Few state issues have attracted as much controversy and national attention as the application of the death penalty in Texas. In the years since the death penalty was reinstated in 1976, Texas has led the nation in passing death sentences and executing prisoners. The vigor with which Texas has implemented capital punishment has, however, raised more than a few questions. Why has Texas been so fervent in pursuing capital punishment? Has an aggressive death penalty produced any benefits? Have dangerous criminals been deterred? Have rights been trampled in the process and, most importantly, have innocents been executed? These important questions form the core of Lethal Injection: Capital Punishment in Texas during the Modern Era.
This book is the first comprehensive empirical study of Texas's system of capital punishment in the modern era. Jon Sorensen and Rocky Pilgrim use a wealth of information gathered from formerly confidential prisoner records and a variety of statistical sources to test and challenge traditional preconceptions concerning racial bias, deterrence, guilt, and the application of capital punishment in this state. The results of their balanced analysis may surprise many who have followed the recent debate on this important issue.

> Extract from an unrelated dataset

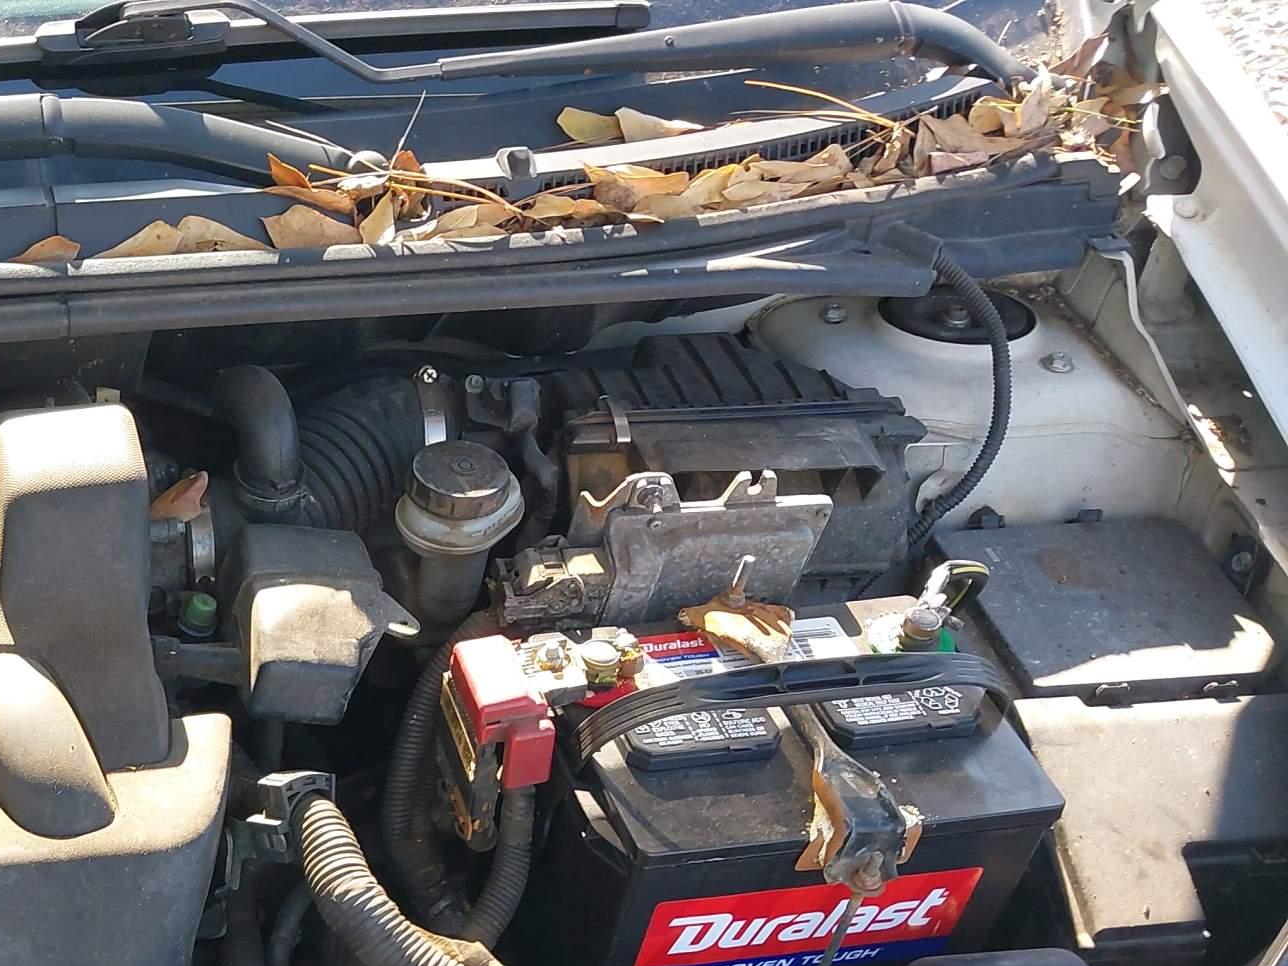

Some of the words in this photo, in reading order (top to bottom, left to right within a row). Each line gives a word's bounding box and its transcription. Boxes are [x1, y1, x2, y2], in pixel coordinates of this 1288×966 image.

[639, 637, 705, 653] Duralast
[667, 887, 948, 956] Duralast
[802, 947, 880, 966] TOUGH
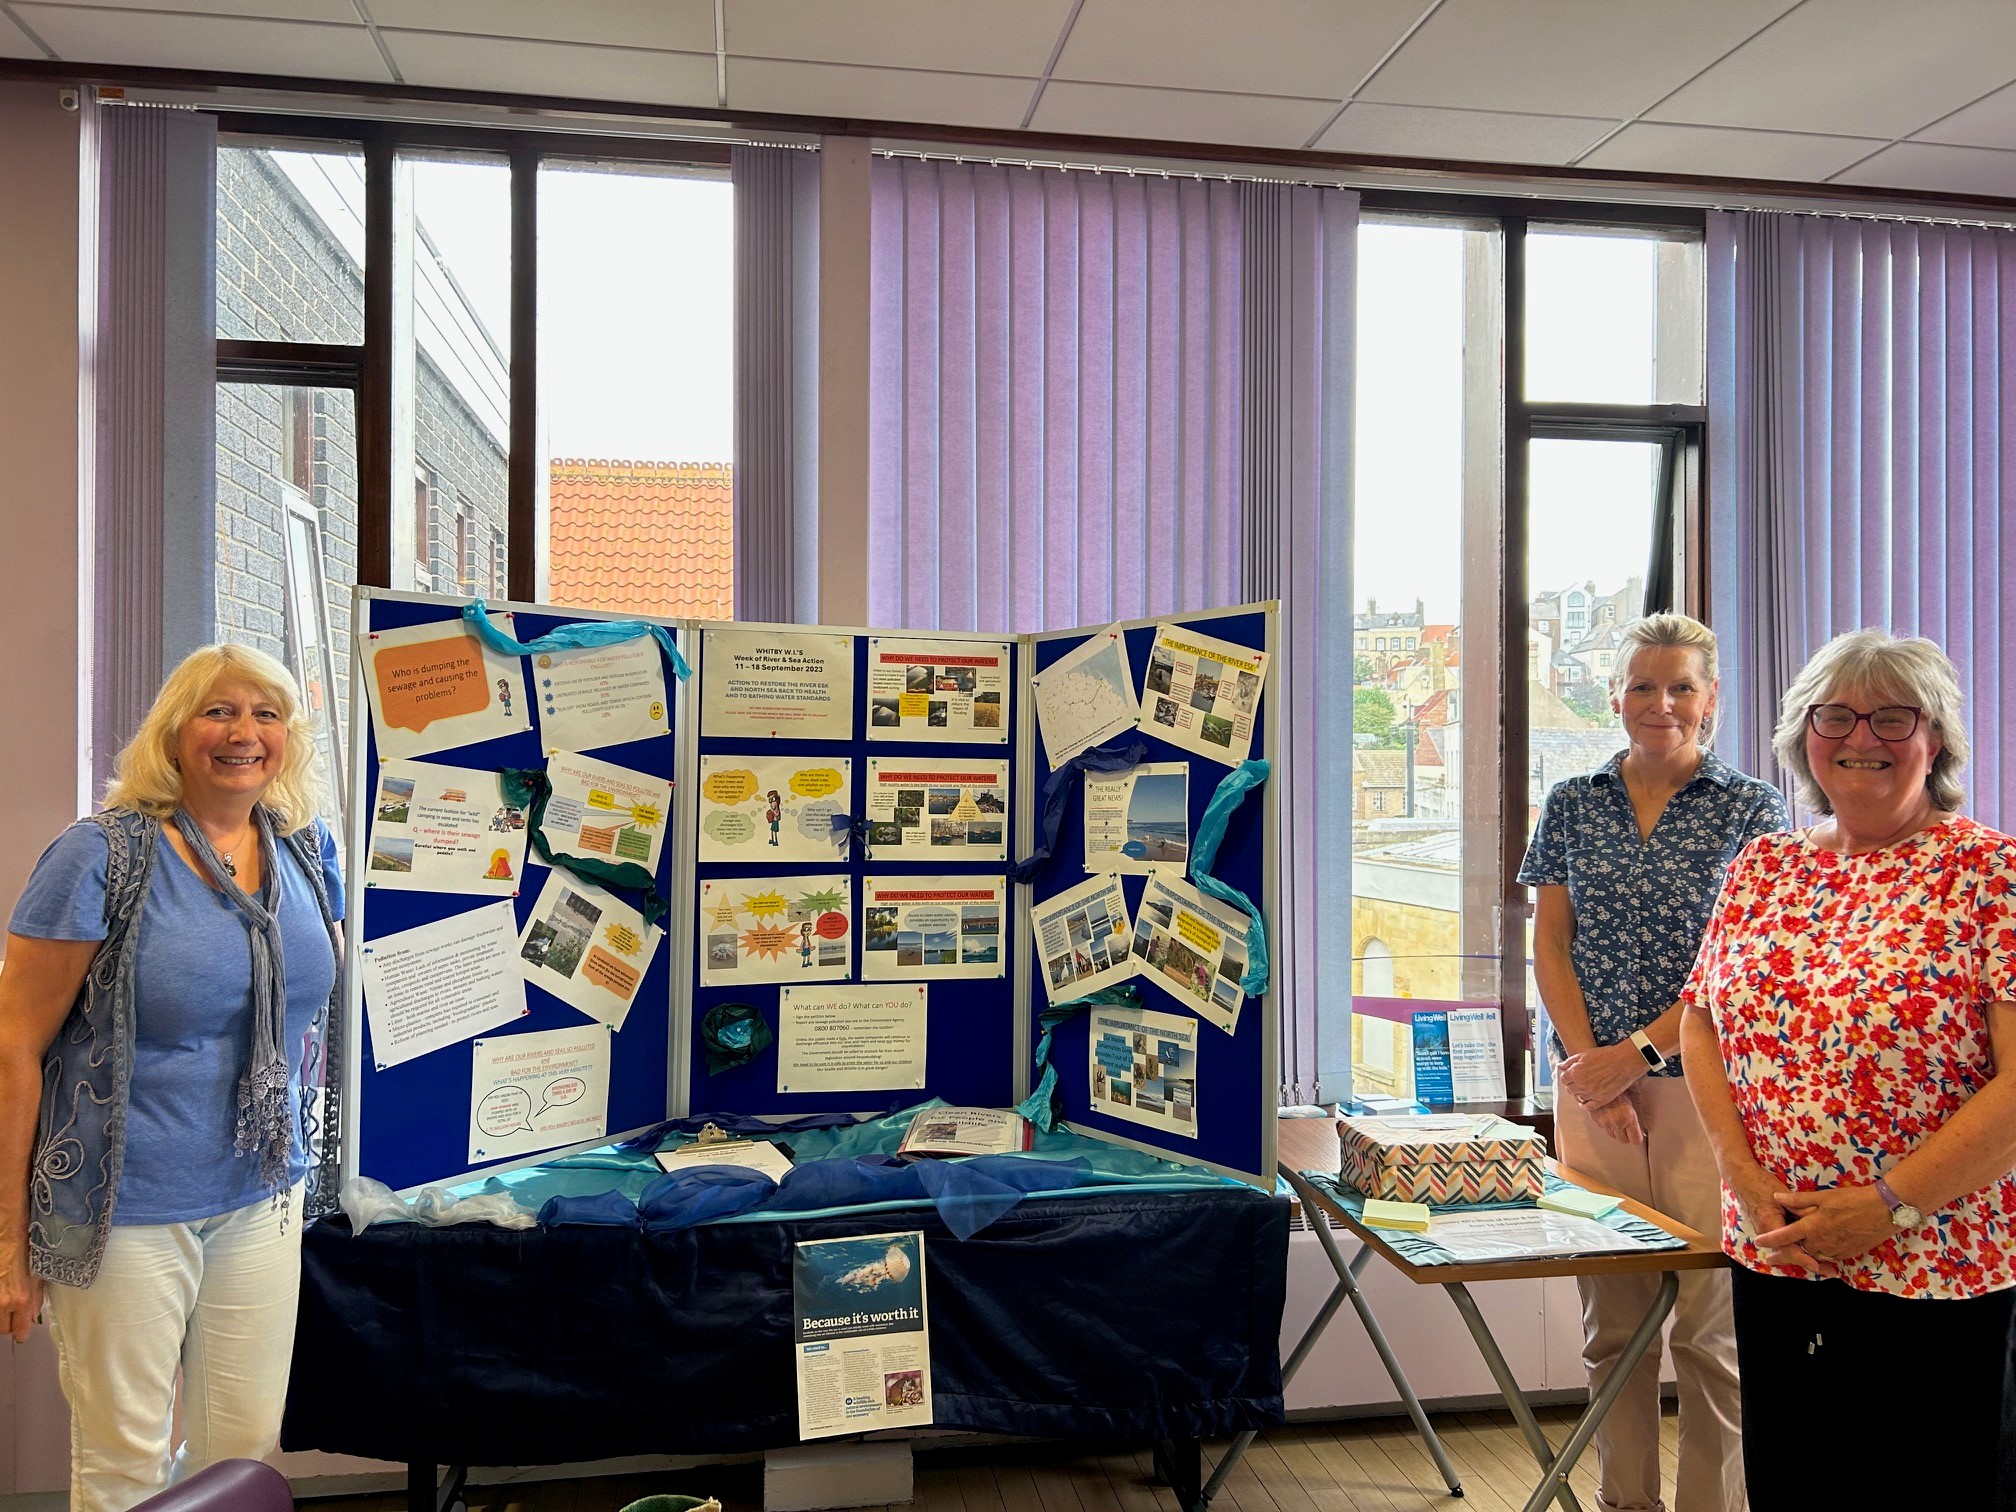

Jon Sorensen is Professor of Justice Studies at Prairie View A&M University. He has written extensively on capital punishment and served as an expert witness in capital murder trials.
Rocky Leann Pilgrim is a practicing attorney who focuses on family and consumer law. She is also an adjunct professor at the University of Houston Downtown, where she teaches courses in criminal justice.
Chapter 1. The Modern Era
Chapter 2. Deterrence: Does It Prevent Others from Committing Murder?
Chapter 3. Incapacitation: Does It Keep Them from Killing Again?
Chapter 4. Retribution: Do They Deserve to Die?
Chapter 5. Administration: Is the Death Penalty Carried Out Impartially, Reliably, and Efficiently?